- **Problem to work on**
Would you reproduce, word for word, only the lines from the one with "this 1600×1200 image." to the end of the listing below?

- **Recorded information**
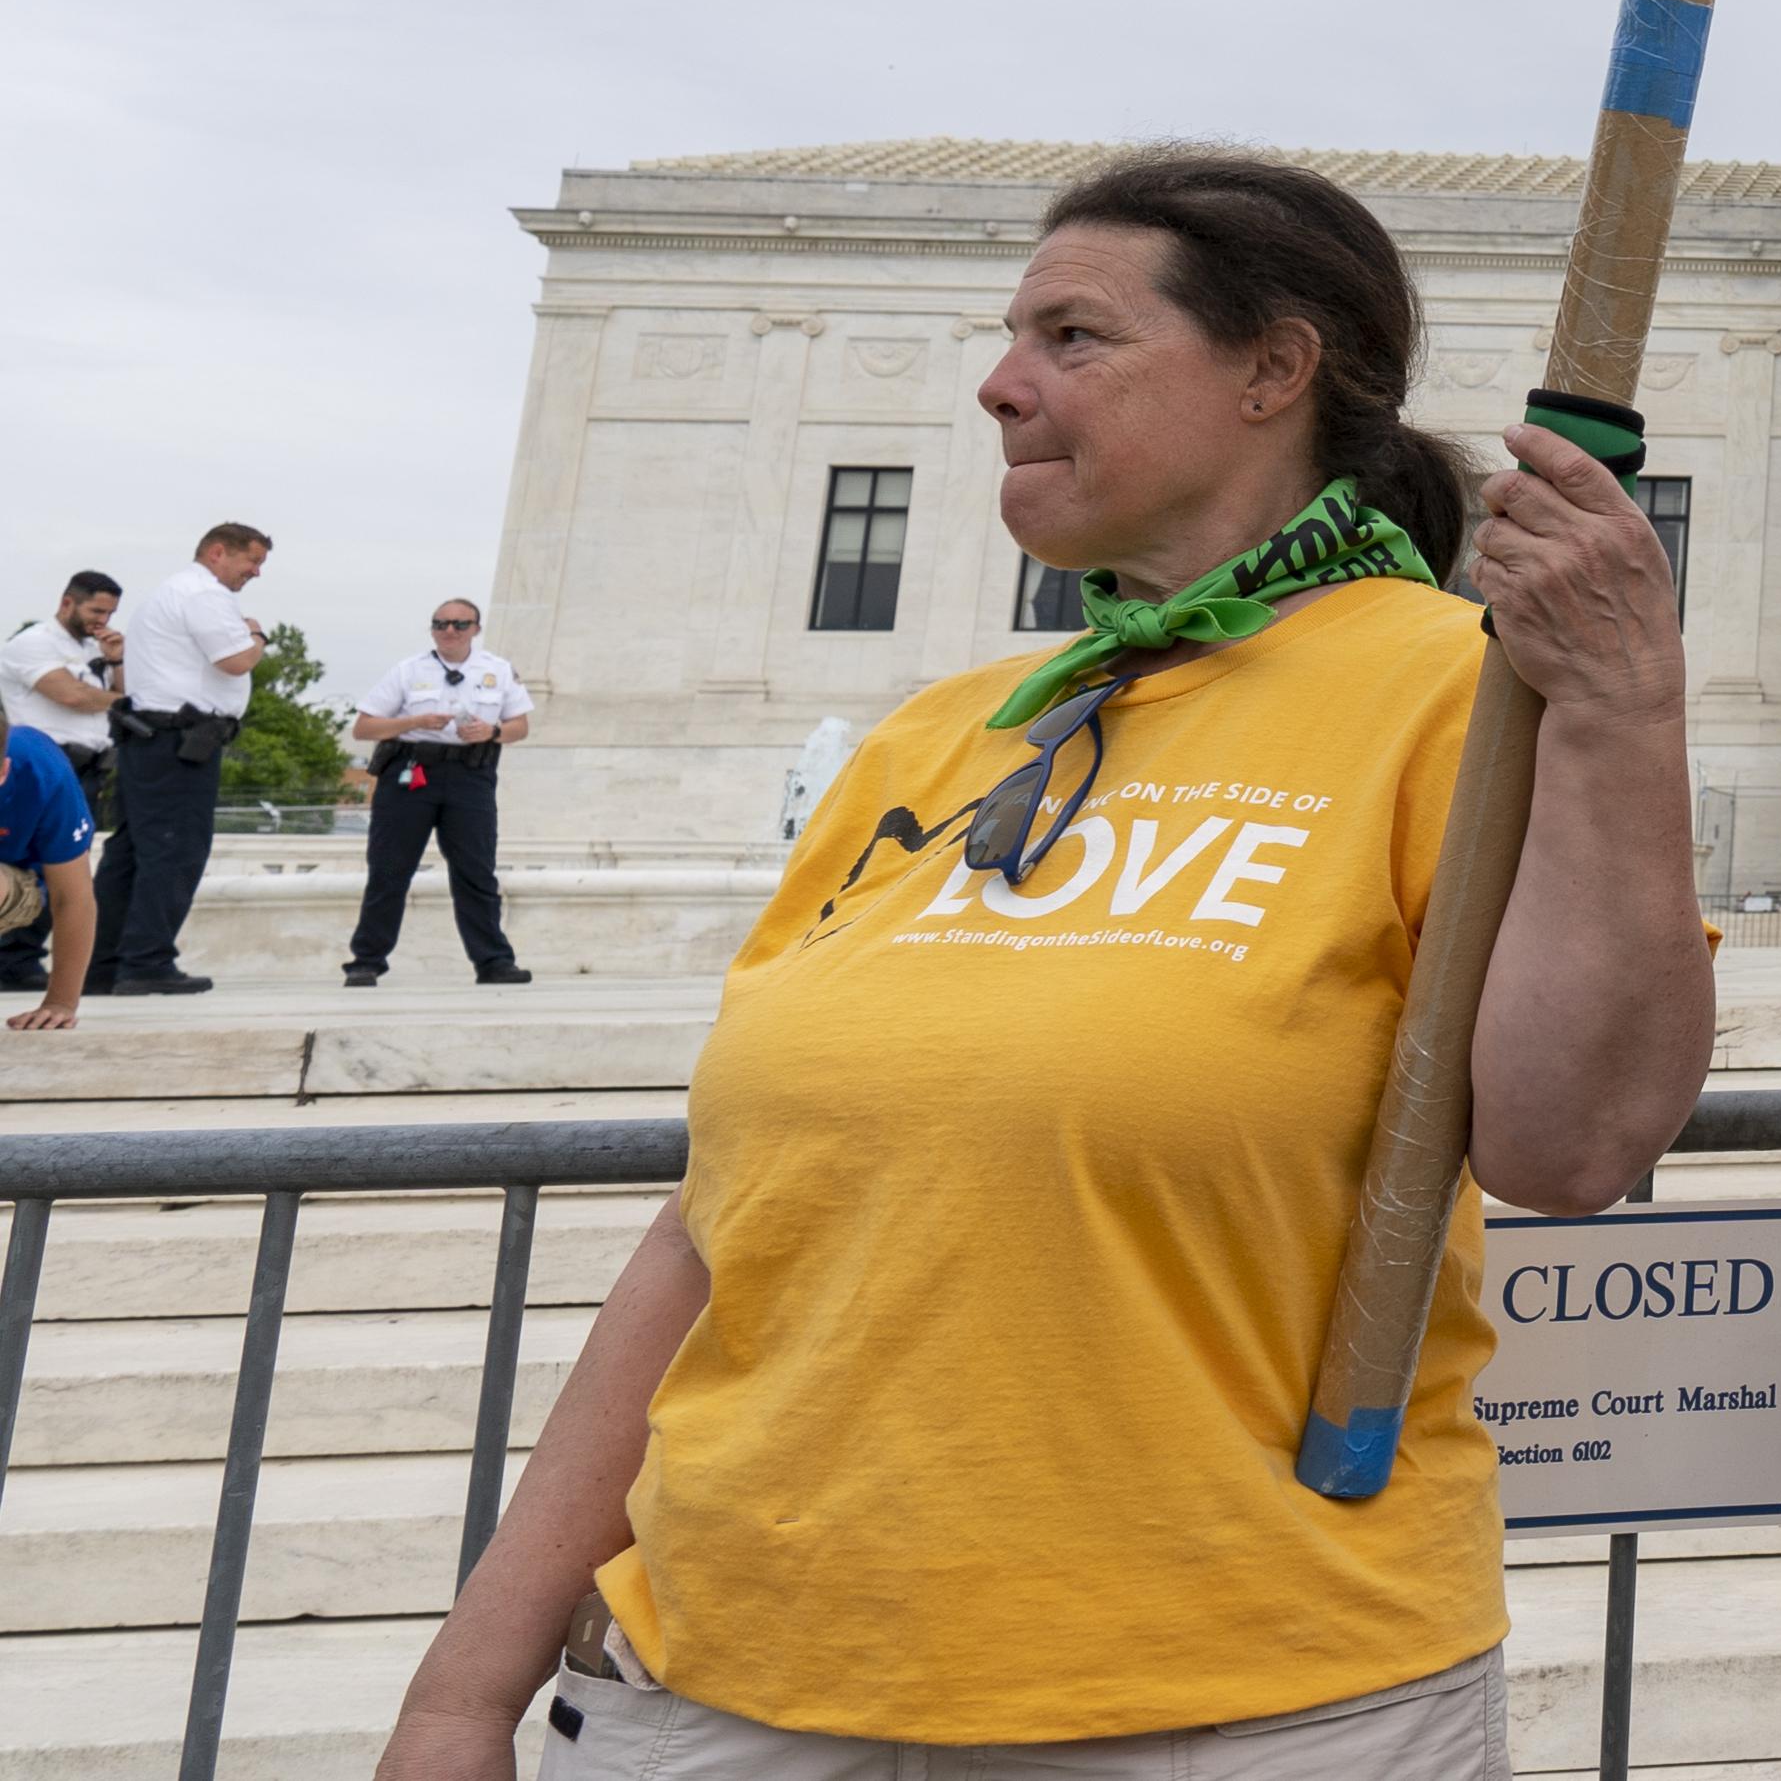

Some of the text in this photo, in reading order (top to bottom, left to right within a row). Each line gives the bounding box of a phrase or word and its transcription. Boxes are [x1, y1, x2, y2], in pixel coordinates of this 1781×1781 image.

[1120, 782, 1165, 801] ON
[1173, 782, 1220, 802] THE
[1223, 784, 1287, 811] SIDE
[1292, 792, 1332, 813] OF
[916, 815, 1310, 926] LOVE
[1502, 1259, 1774, 1323] CLOSED
[1474, 1383, 1777, 1425] Supreme Court Marshal
[1572, 1440, 1611, 1461] 6102
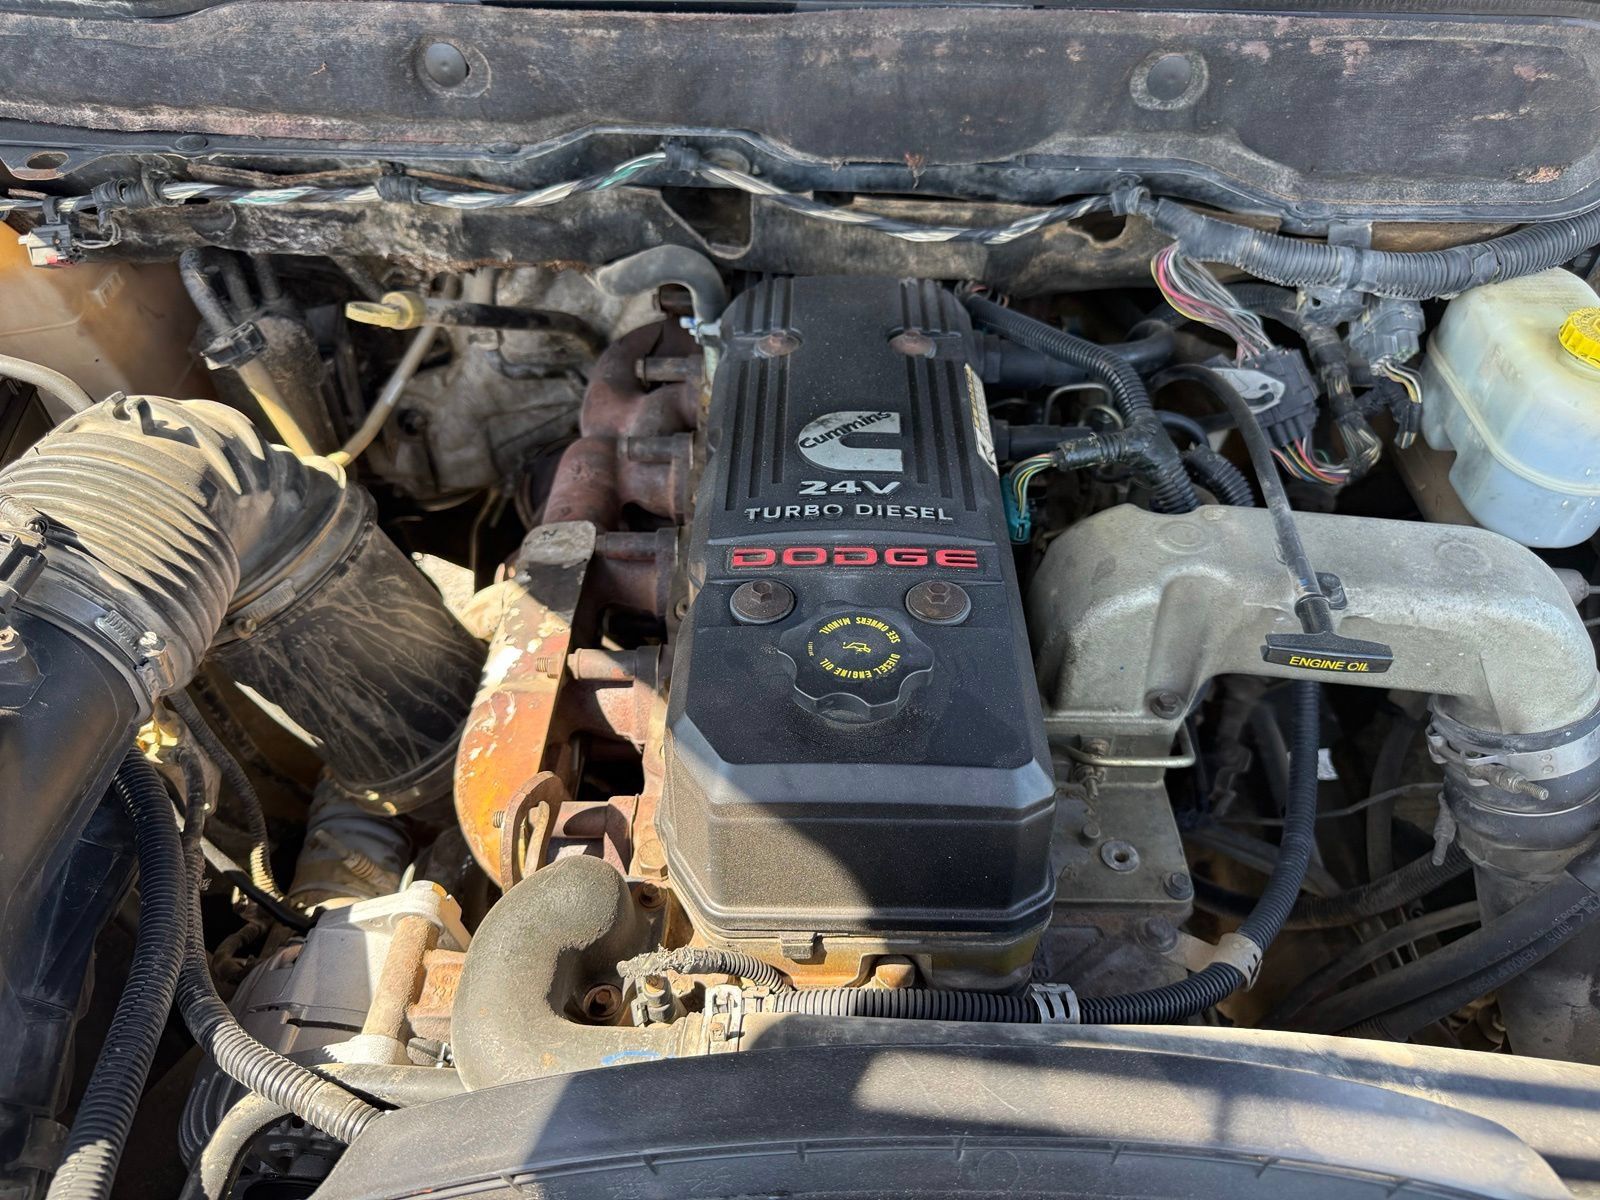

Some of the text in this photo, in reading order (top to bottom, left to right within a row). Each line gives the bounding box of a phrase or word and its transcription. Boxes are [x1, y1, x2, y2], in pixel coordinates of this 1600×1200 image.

[799, 411, 892, 449] Cummins
[799, 480, 901, 496] 24V
[745, 503, 954, 521] TURBO DIESEL
[731, 547, 978, 568] DODGE
[819, 616, 900, 643] SEE OWNERS MANUAL
[820, 653, 900, 678] DIESEL ENGINE OIL
[1290, 656, 1369, 671] ENGINE OIL

- **Answer box**
Some of the text in this photo, in reading order (top to bottom, left to right within a row). Each line gives the bounding box of a phrase or word and its transcription. Boxes are [x1, y1, x2, y2], in pixel coordinates of this 1600×1200 image.

[799, 411, 892, 449] Cummins
[799, 480, 901, 496] 24V
[745, 503, 954, 521] TURBO DIESEL
[731, 547, 978, 568] DODGE
[819, 616, 900, 643] SEE OWNERS MANUAL
[820, 653, 900, 678] DIESEL ENGINE OIL
[1290, 656, 1369, 671] ENGINE OIL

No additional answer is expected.